How to complete this task -> With pictures omitted, restate the data word for word.

Exercise inputs START

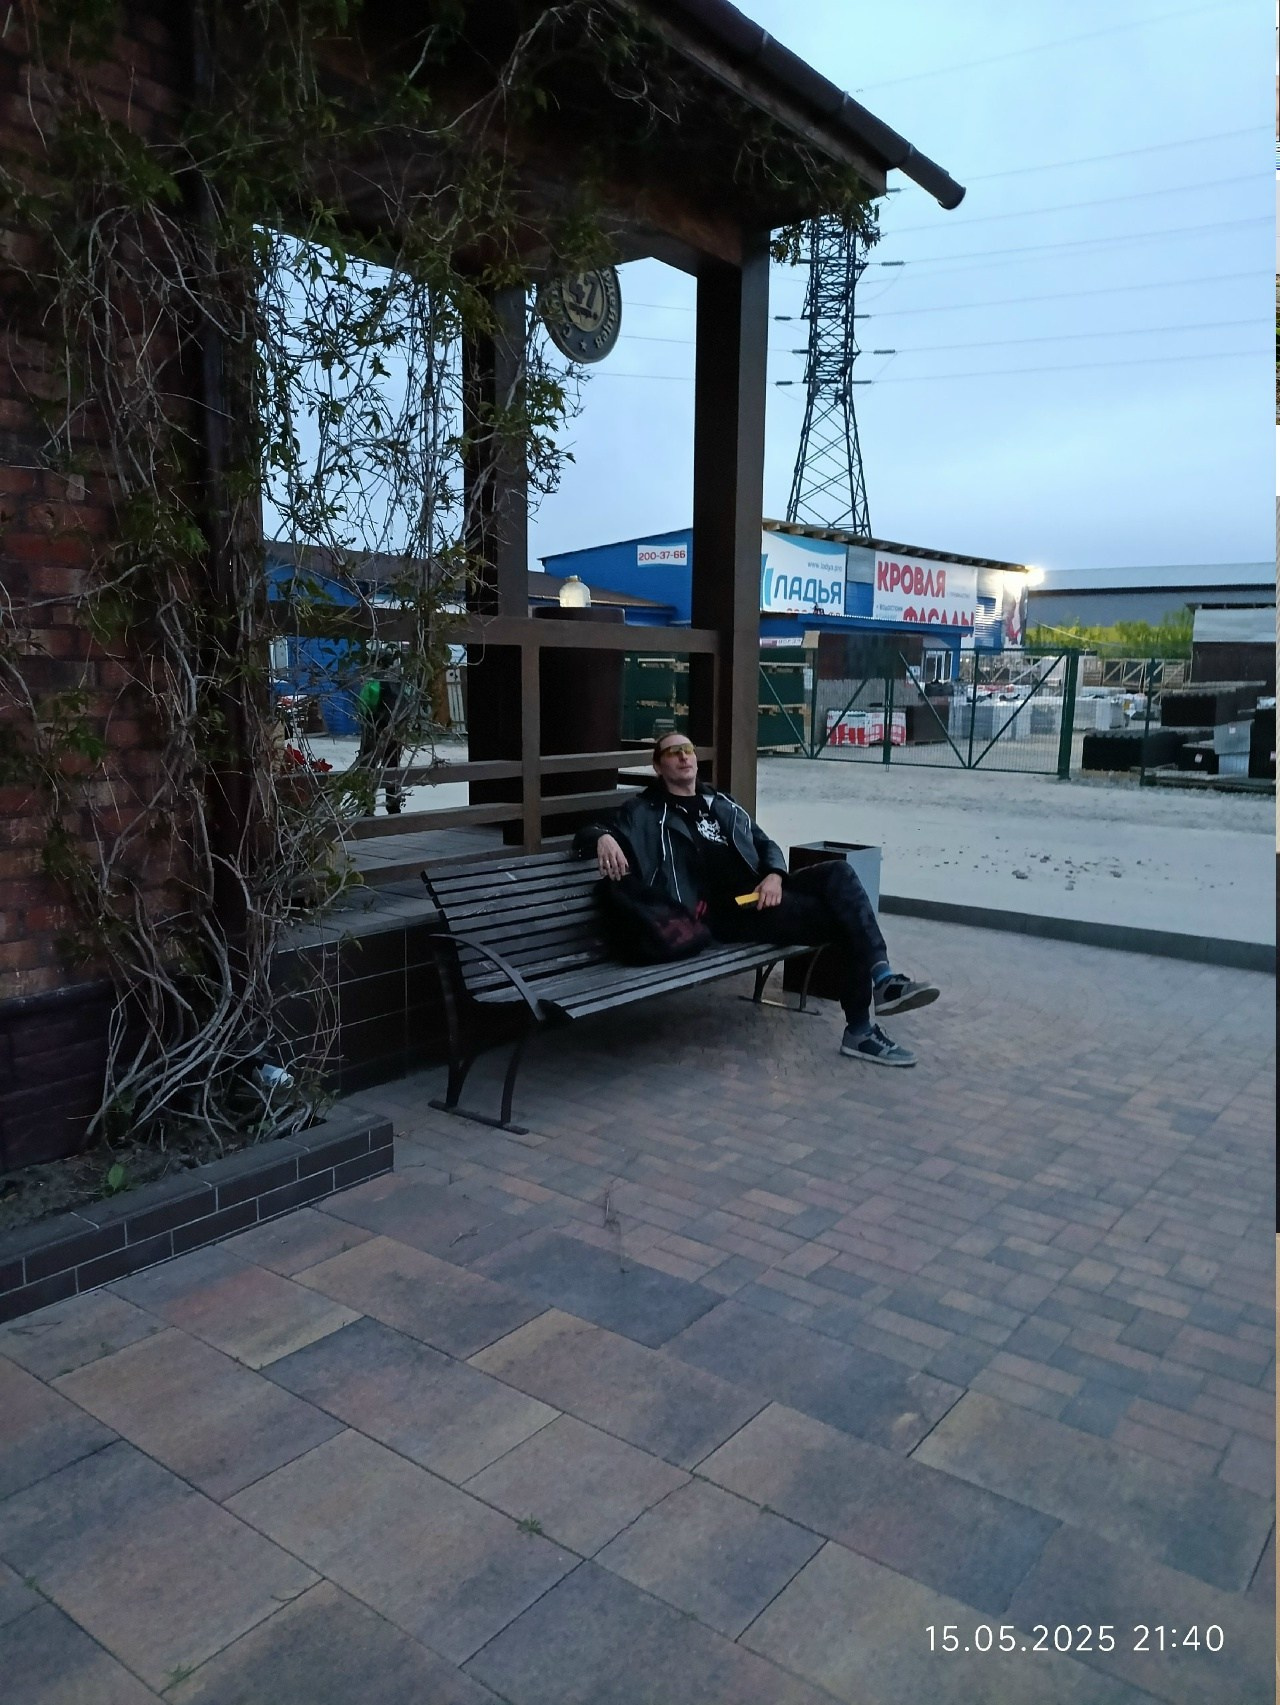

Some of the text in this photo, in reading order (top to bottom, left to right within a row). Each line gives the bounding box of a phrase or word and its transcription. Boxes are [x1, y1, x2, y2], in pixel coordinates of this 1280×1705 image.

[638, 550, 686, 561] 200-37-66
[773, 574, 842, 605] ЛАДЬЯ
[877, 560, 946, 598] КРОВЛЯ
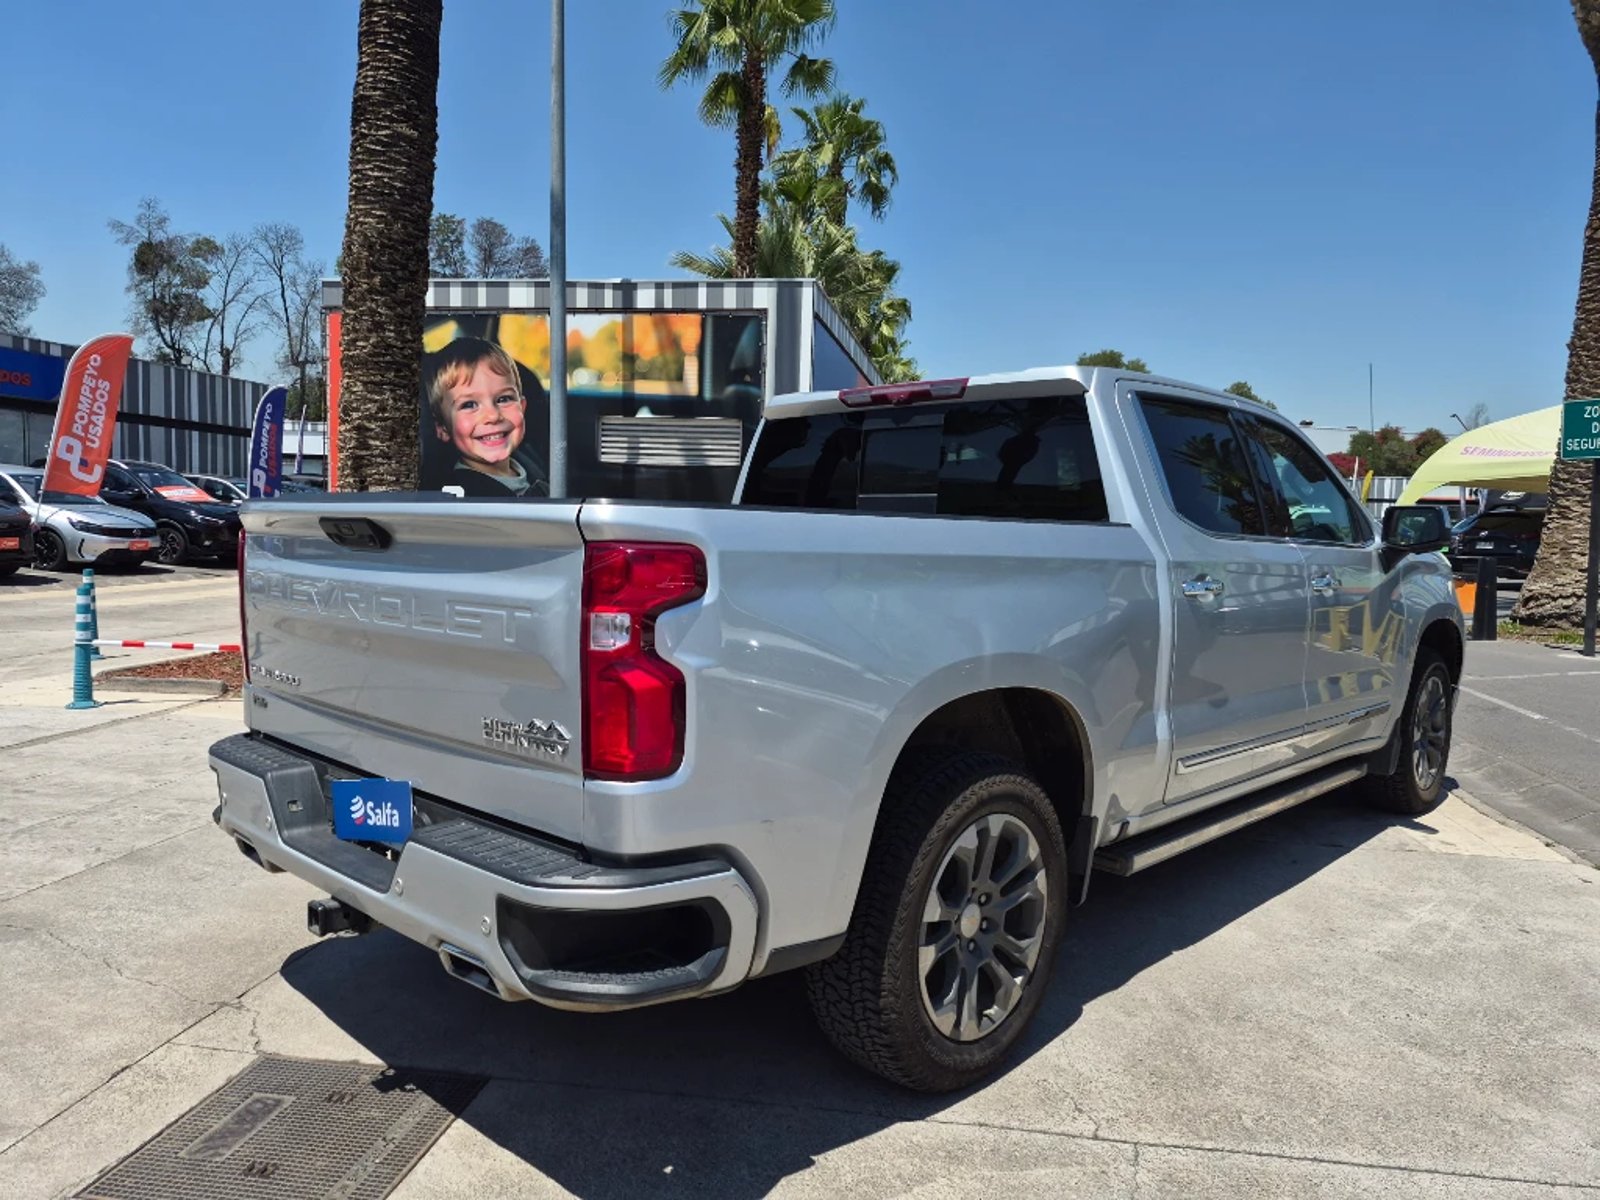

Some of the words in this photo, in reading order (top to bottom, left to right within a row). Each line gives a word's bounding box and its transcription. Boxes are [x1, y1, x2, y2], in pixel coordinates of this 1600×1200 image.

[72, 354, 101, 437] POMPEYO
[85, 379, 110, 448] USADOS
[259, 402, 273, 469] POMPEYO
[247, 568, 533, 643] CHEVROLET
[366, 801, 400, 828] Salfa
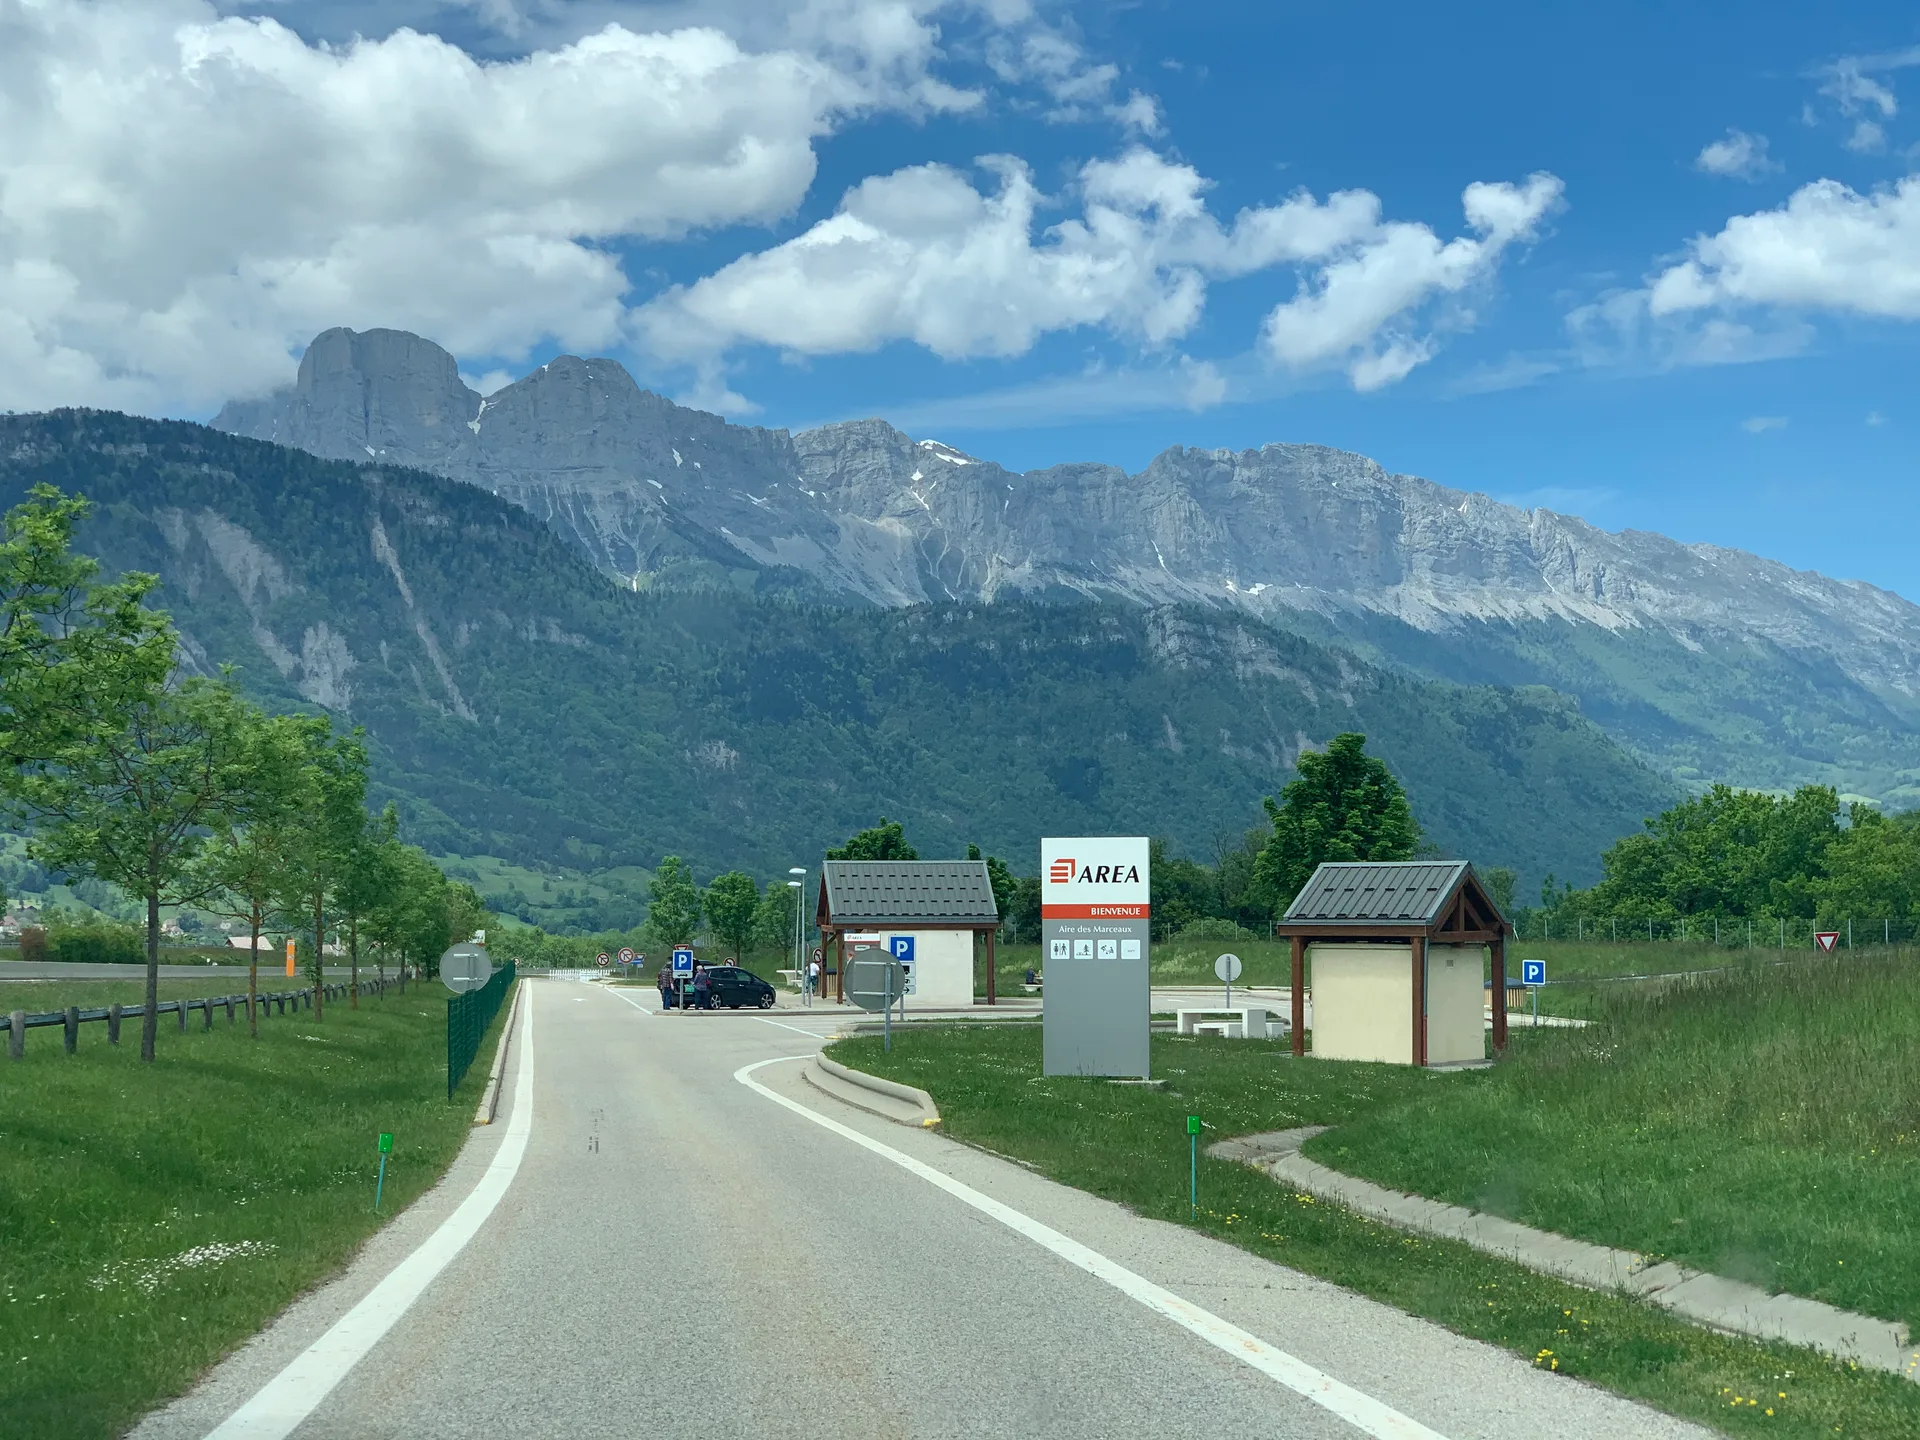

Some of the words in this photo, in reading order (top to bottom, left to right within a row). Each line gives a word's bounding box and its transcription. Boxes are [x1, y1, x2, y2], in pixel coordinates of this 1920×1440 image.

[1078, 865, 1140, 883] AREA
[1091, 907, 1141, 916] BIENVENUE
[1058, 925, 1076, 933] Aire
[1077, 925, 1092, 933] des
[1093, 925, 1132, 933] Marceaux
[896, 940, 908, 957] P
[679, 955, 687, 967] P
[1529, 965, 1539, 979] P

Exercise inputs END

Answer section ->
Some of the text in this photo, in reading order (top to bottom, left to right within a row). Each line gives the bounding box of a phrase or word and its transcription. Boxes are [x1, y1, x2, y2], in pixel coordinates of this 1280×1705 image.

[638, 550, 686, 561] 200-37-66
[773, 574, 842, 605] ЛАДЬЯ
[877, 560, 946, 598] КРОВЛЯ

Some of the words in this photo, in reading order (top to bottom, left to right within a row). Each line gives a word's bounding box and its transcription. Boxes are [x1, y1, x2, y2], in pixel coordinates of this 1600×1200 image.

[72, 354, 101, 437] POMPEYO
[85, 379, 110, 448] USADOS
[259, 402, 273, 469] POMPEYO
[247, 568, 533, 643] CHEVROLET
[366, 801, 400, 828] Salfa

Some of the words in this photo, in reading order (top to bottom, left to right within a row). Each line gives a word's bounding box and its transcription. Boxes are [x1, y1, x2, y2], in pixel coordinates of this 1920×1440 image.

[1078, 865, 1140, 883] AREA
[1091, 907, 1141, 916] BIENVENUE
[1058, 925, 1076, 933] Aire
[1077, 925, 1092, 933] des
[1093, 925, 1132, 933] Marceaux
[896, 940, 908, 957] P
[679, 955, 687, 967] P
[1529, 965, 1539, 979] P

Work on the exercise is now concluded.